> **Task to complete**: All entries should be copied exactly, none left out.

> **Records for the task**:

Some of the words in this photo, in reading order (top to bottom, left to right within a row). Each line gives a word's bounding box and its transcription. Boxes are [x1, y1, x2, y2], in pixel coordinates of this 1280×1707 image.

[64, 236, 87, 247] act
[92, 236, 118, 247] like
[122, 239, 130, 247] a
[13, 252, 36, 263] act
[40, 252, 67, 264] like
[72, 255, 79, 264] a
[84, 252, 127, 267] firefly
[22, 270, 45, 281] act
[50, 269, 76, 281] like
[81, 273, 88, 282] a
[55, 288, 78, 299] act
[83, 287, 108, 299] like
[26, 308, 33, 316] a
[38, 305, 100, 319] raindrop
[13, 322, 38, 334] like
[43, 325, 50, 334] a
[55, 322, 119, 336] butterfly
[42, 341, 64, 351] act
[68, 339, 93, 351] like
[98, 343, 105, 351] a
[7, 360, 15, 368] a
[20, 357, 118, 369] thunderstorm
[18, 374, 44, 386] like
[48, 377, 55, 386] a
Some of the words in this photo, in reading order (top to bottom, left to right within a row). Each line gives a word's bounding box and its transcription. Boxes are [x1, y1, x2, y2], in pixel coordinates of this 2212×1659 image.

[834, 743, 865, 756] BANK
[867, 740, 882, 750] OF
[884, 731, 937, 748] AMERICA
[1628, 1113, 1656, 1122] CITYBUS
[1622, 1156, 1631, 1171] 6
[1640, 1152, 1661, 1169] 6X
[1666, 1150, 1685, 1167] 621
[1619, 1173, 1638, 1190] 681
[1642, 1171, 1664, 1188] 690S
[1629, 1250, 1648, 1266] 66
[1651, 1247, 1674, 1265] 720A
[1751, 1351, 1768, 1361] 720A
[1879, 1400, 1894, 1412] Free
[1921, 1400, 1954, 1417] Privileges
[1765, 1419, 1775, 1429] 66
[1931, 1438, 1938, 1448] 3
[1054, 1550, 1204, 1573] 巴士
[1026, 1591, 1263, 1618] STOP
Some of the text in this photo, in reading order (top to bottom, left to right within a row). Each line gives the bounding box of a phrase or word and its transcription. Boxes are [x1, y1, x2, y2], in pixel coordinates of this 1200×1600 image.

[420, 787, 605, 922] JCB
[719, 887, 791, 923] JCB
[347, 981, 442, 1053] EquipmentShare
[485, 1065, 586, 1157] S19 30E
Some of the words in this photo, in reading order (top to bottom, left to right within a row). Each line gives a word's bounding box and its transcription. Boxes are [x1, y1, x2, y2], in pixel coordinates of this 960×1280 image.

> **Exercise response**:
Some of the words in this photo, in reading order (top to bottom, left to right within a row). Each line gives a word's bounding box and its transcription. Boxes are [x1, y1, x2, y2], in pixel coordinates of this 1280×1707 image.

[64, 236, 87, 247] act
[92, 236, 118, 247] like
[122, 239, 130, 247] a
[13, 252, 36, 263] act
[40, 252, 67, 264] like
[72, 255, 79, 264] a
[84, 252, 127, 267] firefly
[22, 270, 45, 281] act
[50, 269, 76, 281] like
[81, 273, 88, 282] a
[55, 288, 78, 299] act
[83, 287, 108, 299] like
[26, 308, 33, 316] a
[38, 305, 100, 319] raindrop
[13, 322, 38, 334] like
[43, 325, 50, 334] a
[55, 322, 119, 336] butterfly
[42, 341, 64, 351] act
[68, 339, 93, 351] like
[98, 343, 105, 351] a
[7, 360, 15, 368] a
[20, 357, 118, 369] thunderstorm
[18, 374, 44, 386] like
[48, 377, 55, 386] a
Some of the words in this photo, in reading order (top to bottom, left to right within a row). Each line gives a word's bounding box and its transcription. Boxes are [x1, y1, x2, y2], in pixel coordinates of this 2212×1659 image.

[834, 743, 865, 756] BANK
[867, 740, 882, 750] OF
[884, 731, 937, 748] AMERICA
[1628, 1113, 1656, 1122] CITYBUS
[1622, 1156, 1631, 1171] 6
[1640, 1152, 1661, 1169] 6X
[1666, 1150, 1685, 1167] 621
[1619, 1173, 1638, 1190] 681
[1642, 1171, 1664, 1188] 690S
[1629, 1250, 1648, 1266] 66
[1651, 1247, 1674, 1265] 720A
[1751, 1351, 1768, 1361] 720A
[1879, 1400, 1894, 1412] Free
[1921, 1400, 1954, 1417] Privileges
[1765, 1419, 1775, 1429] 66
[1931, 1438, 1938, 1448] 3
[1054, 1550, 1204, 1573] 巴士
[1026, 1591, 1263, 1618] STOP
Some of the text in this photo, in reading order (top to bottom, left to right within a row). Each line gives the bounding box of a phrase or word and its transcription. Boxes are [x1, y1, x2, y2], in pixel coordinates of this 1200×1600 image.

[420, 787, 605, 922] JCB
[719, 887, 791, 923] JCB
[347, 981, 442, 1053] EquipmentShare
[485, 1065, 586, 1157] S19 30E
Some of the words in this photo, in reading order (top to bottom, left to right within a row). Each line gives a word's bounding box and its transcription. Boxes are [x1, y1, x2, y2], in pixel coordinates of this 960×1280 image.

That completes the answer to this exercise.